AVAILABLE DATA
►

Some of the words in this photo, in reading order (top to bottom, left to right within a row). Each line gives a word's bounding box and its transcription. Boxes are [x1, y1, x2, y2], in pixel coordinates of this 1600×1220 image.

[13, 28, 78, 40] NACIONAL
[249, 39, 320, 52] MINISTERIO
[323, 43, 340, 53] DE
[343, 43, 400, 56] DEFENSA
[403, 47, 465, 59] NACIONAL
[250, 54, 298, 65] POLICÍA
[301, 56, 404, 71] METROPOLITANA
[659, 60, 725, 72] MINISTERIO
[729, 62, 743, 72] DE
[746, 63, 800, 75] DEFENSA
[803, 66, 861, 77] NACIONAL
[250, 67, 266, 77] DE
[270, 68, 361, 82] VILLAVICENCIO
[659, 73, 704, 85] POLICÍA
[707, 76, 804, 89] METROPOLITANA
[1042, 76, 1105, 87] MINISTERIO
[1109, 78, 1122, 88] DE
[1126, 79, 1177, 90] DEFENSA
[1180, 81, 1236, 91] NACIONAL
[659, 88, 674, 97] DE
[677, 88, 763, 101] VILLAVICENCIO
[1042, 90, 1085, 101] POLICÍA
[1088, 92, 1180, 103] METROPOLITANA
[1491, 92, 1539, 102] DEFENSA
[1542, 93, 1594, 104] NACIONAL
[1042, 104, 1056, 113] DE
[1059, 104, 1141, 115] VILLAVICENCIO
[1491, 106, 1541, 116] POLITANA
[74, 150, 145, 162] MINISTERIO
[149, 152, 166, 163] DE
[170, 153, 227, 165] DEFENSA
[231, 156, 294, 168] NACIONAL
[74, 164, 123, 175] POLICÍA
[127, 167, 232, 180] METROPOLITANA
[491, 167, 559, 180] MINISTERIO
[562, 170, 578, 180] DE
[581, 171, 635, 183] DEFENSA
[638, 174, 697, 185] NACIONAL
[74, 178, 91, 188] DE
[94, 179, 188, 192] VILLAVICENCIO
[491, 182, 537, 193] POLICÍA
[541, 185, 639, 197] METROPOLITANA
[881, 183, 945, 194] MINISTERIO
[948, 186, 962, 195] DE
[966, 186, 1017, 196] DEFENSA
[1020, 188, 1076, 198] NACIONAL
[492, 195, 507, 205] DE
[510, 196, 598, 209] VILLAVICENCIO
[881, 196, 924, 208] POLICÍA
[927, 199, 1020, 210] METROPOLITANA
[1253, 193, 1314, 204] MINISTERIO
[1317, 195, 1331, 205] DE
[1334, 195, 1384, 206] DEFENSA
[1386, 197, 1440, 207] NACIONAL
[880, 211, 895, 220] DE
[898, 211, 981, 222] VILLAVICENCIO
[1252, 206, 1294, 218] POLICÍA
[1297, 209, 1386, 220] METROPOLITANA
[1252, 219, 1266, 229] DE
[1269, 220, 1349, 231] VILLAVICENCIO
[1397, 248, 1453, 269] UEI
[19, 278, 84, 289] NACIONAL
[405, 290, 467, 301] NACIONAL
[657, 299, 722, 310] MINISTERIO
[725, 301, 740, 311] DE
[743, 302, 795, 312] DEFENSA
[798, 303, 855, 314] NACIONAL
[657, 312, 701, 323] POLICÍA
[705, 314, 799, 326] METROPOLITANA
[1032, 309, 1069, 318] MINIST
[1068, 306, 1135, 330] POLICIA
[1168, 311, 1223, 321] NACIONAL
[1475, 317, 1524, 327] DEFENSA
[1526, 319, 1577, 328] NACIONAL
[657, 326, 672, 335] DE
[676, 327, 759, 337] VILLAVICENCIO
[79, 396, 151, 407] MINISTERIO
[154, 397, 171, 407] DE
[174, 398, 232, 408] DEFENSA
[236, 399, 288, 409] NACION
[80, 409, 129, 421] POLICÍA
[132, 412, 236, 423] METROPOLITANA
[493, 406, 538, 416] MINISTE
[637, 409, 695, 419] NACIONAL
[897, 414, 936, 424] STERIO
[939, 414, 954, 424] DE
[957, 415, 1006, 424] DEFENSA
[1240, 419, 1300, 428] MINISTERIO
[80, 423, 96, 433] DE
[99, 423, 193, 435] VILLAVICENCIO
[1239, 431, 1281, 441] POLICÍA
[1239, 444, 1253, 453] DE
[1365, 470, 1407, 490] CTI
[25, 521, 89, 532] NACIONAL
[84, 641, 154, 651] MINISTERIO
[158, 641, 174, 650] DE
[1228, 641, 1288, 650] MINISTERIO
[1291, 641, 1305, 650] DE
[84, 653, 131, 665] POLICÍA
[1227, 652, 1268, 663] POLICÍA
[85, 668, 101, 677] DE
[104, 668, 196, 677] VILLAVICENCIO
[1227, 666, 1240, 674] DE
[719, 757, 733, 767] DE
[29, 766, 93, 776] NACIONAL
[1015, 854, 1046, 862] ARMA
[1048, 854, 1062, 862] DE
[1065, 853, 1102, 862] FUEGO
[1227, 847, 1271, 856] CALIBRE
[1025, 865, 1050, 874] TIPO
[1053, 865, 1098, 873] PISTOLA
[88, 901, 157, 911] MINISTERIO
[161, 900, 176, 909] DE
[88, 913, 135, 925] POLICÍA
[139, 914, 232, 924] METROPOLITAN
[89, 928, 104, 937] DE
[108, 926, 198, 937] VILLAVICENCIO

◄

TASK DESCRIPTION
All lines above that include the word "VILLAVICENCIO" should be located and copied.

TASK ANSWER
[270, 68, 361, 82] VILLAVICENCIO
[677, 88, 763, 101] VILLAVICENCIO
[1059, 104, 1141, 115] VILLAVICENCIO
[94, 179, 188, 192] VILLAVICENCIO
[510, 196, 598, 209] VILLAVICENCIO
[898, 211, 981, 222] VILLAVICENCIO
[1269, 220, 1349, 231] VILLAVICENCIO
[676, 327, 759, 337] VILLAVICENCIO
[99, 423, 193, 435] VILLAVICENCIO
[104, 668, 196, 677] VILLAVICENCIO
[108, 926, 198, 937] VILLAVICENCIO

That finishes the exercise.